Forecaster on Duty BMKG Stasiun Meteorologi Kelas I SIM Banda Aceh, Miftahul Jannah, mengatakan wilayah yang berpotensi terdampak pada 13 Juli 2026 meliputi Aceh Barat, Aceh Selatan, dan Aceh Tamiang.
Sementara pada 14 Juli 2026 tidak terdapat wilayah yang diprakirakan mengalami potensi hujan sedang hingga lebat disertai angin kencang berdasarkan hasil analisis BMKG.
“Berdasarkan hasil analisis BMKG, pada 13 Juli 2026 terdapat potensi hujan dengan intensitas sedang hingga lebat yang dapat disertai angin kencang di wilayah Aceh Barat, Aceh Selatan, dan Aceh Tamiang. Sedangkan pada 14 Juli 2026 tidak ada wilayah di Aceh yang masuk dalam kategori potensi tersebut,” ujar Miftahul Jannah dalam informasi peringatan dini cuaca yang diterima.

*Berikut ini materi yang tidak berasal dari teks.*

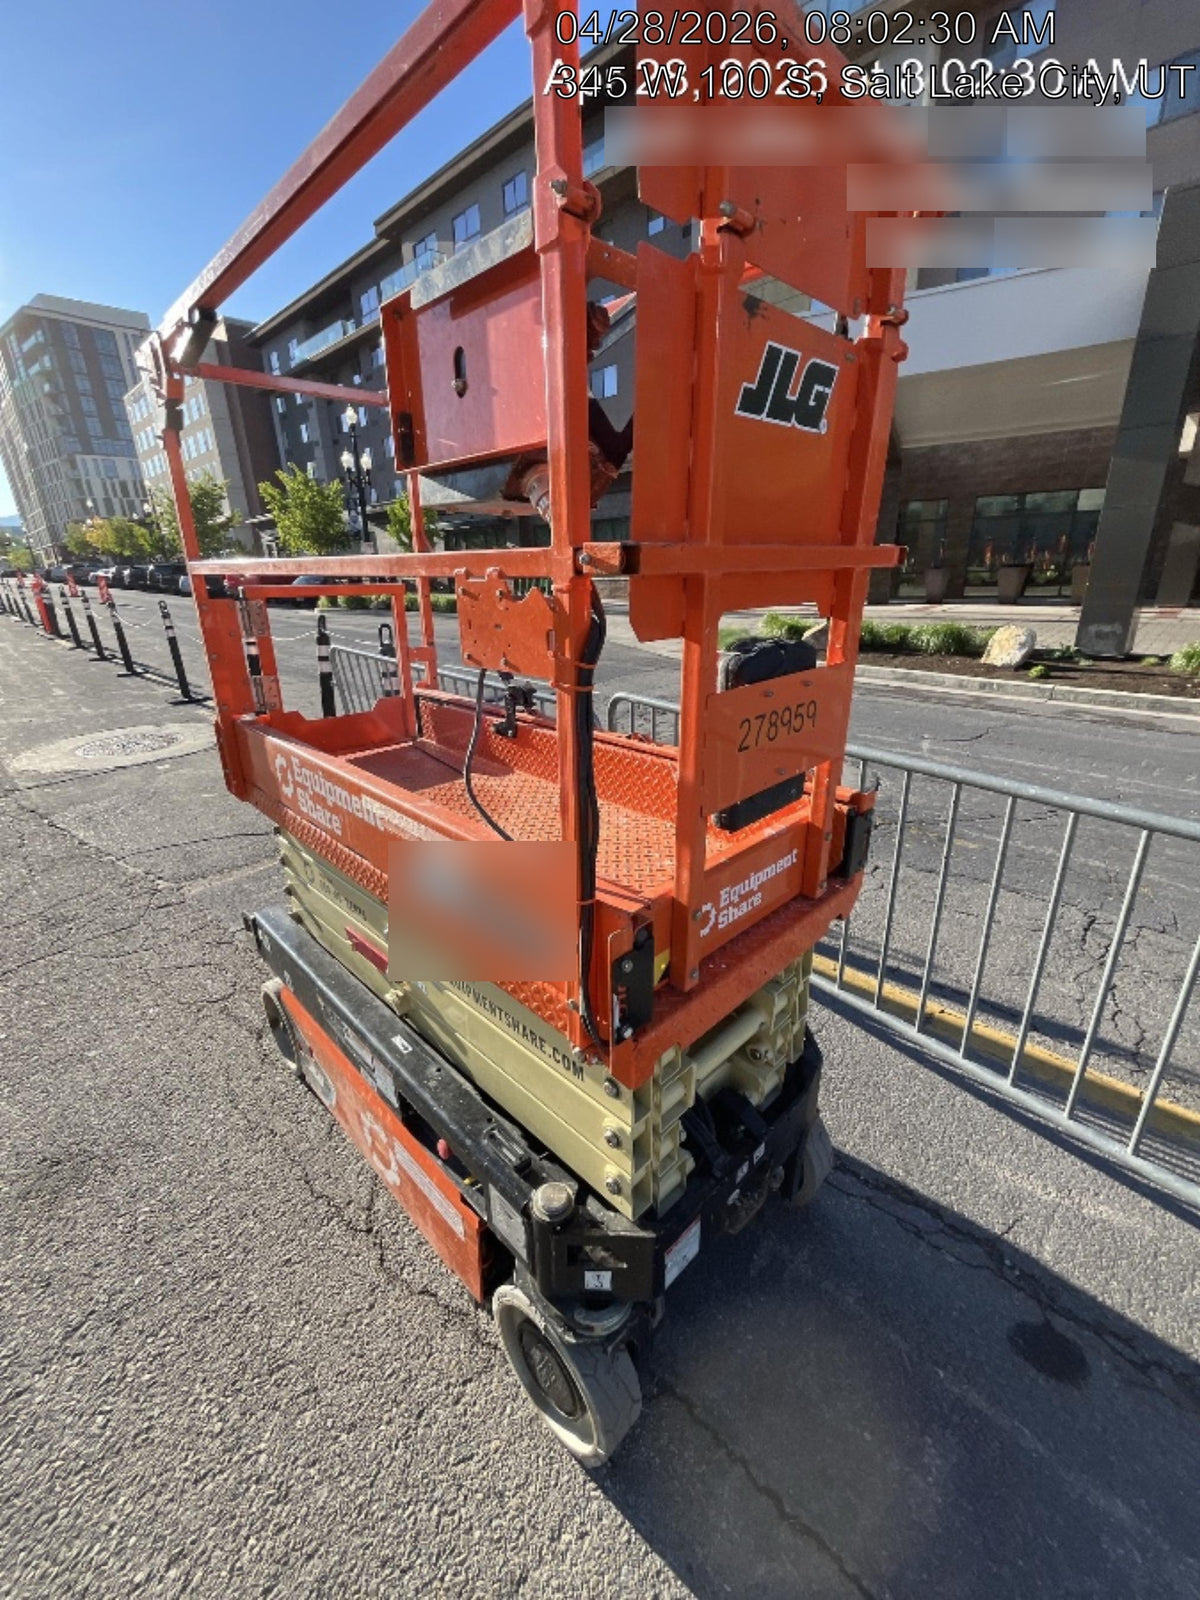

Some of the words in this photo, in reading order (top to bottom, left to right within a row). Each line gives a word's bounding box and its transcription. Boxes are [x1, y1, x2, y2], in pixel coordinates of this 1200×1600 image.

Ia menjelaskan, kondisi tersebut dipengaruhi oleh aktifnya Madden Julian Oscillation (MJO) secara spasial di Aceh, adanya daerah belokan angin dan konvergensi, serta suhu muka laut yang hangat di Perairan Barat dan Selatan Sumatera. Faktor-faktor tersebut meningkatkan penguapan dan kandungan uap air di atmosfer sehingga mendukung pertumbuhan awan konvektif penyebab hujan.
Miftahul juga mengimbau masyarakat agar tetap meningkatkan kewaspadaan terhadap perubahan cuaca, terutama pada sore hingga malam hari.
“Masyarakat diimbau mewaspadai hujan dengan intensitas sedang hingga lebat yang dapat terjadi secara tiba-tiba pada sore hingga malam hari. Selain itu, selalu berhati-hati saat beraktivitas di luar ruangan, khususnya ketika berkendara dalam kondisi cuaca buruk yang berpotensi disertai angin kencang, banjir, maupun tanah longsor,” tutupnya.